Summary Nitric oxide (NO) produced by macrophages (Mφ) in response to interferon‐γ (IFN‐γ) plays a pivotal role in the control of intracellular pathogens. Current knowledge of the specific biochemical cascades involved in this IFN‐γ‐inducible Mφ function is still limited. In the present study, we evaluated the participation of various second messengers – Janus kinase 2 (JAK2), signal transducer and activator of transcription (STAT) 1α, MAP kinase kinase (MEK1/2), extracellular signal‐regulated kinases 1 and 2 (Erk1/Erk2) and nuclear factor kappa B (NF‐κB) – in the regulation of NO production by IFN‐γ‐stimulated J774 murine Mφ. The use of specific signalling inhibitors permitted us to establish that JAK2/STAT1α‐ and Erk1/Erk2‐dependent pathways are the main players in IFN‐γ‐inducible Mφ NO generation.

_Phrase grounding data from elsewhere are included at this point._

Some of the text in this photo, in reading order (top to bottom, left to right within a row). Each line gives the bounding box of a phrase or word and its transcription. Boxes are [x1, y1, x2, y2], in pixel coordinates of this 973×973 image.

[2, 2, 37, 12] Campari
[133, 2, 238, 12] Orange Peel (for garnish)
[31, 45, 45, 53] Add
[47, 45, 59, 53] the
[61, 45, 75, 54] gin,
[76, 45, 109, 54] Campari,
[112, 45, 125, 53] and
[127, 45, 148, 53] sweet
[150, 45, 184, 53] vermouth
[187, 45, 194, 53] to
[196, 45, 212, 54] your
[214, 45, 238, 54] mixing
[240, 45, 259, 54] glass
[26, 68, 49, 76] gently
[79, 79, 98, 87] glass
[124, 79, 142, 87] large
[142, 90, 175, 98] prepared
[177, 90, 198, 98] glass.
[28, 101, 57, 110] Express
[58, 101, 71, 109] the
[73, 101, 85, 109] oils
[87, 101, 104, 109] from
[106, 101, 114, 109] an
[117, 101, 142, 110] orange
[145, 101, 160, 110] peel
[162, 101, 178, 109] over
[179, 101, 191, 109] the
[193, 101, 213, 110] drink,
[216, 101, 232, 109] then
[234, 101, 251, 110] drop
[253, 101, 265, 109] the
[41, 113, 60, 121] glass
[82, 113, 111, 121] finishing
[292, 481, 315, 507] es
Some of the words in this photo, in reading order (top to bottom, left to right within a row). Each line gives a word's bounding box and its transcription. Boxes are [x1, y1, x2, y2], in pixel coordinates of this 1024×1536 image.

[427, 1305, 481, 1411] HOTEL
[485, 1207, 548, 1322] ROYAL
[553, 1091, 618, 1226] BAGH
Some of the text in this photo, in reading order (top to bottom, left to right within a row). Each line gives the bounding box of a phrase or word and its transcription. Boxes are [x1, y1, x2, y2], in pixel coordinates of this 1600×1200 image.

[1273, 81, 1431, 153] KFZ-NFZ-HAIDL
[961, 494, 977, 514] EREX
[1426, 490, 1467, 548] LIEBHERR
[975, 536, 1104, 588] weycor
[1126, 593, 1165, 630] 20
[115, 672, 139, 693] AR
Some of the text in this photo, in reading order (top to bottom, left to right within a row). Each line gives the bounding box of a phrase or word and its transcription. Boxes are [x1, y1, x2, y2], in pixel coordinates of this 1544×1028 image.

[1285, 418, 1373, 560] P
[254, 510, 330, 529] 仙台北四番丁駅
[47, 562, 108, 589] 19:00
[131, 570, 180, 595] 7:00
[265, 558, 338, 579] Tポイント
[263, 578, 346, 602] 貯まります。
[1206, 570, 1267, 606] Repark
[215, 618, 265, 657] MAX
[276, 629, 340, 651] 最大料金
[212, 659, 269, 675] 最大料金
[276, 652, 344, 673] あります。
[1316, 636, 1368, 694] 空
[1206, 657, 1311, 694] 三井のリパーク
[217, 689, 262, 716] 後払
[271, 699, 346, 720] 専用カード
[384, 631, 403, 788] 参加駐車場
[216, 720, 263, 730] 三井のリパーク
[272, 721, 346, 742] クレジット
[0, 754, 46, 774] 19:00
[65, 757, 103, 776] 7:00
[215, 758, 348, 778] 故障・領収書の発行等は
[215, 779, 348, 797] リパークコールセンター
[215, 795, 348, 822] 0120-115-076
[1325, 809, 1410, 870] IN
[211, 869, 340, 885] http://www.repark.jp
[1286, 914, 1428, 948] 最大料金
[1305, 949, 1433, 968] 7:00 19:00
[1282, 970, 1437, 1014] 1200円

To determine whether the inhibitory effect was taking place at the pre‐ and/or post‐transcriptional level, we evaluated the effect of each antagonist on inducible nitric oxide synthase ( iNOS ) gene and protein expression, and on the capacity of IFN‐γ to induce JAK2, Erk1/Erk2 and STAT1α phosphorylation. All downregulatory effects occurred at the pretranscriptional level, except for NF‐κB, which seems to exert its role in NO production through an iNOS‐independent event. In addition, electrophoretic mobility shift assay (EMSA) analysis revealed that STAT1α is essential for IFN‐γ‐inducible iNOS expression and NO production, whereas the contribution of NF‐κB to this cellular regulation seems to be minimal. Moreover, our data suggest that Erk1/Erk2 are responsible for STAT1α Ser727 residue phosphorylation in IFN‐γ‐stimulated Mφ, thus contributing to the full activation of STAT1α. Taken together, our results indicate that JAK2, MEK1/2, Erk1/Erk2 and STAT1α are key players in the IFN‐γ‐inducible generation of NO by Mφ.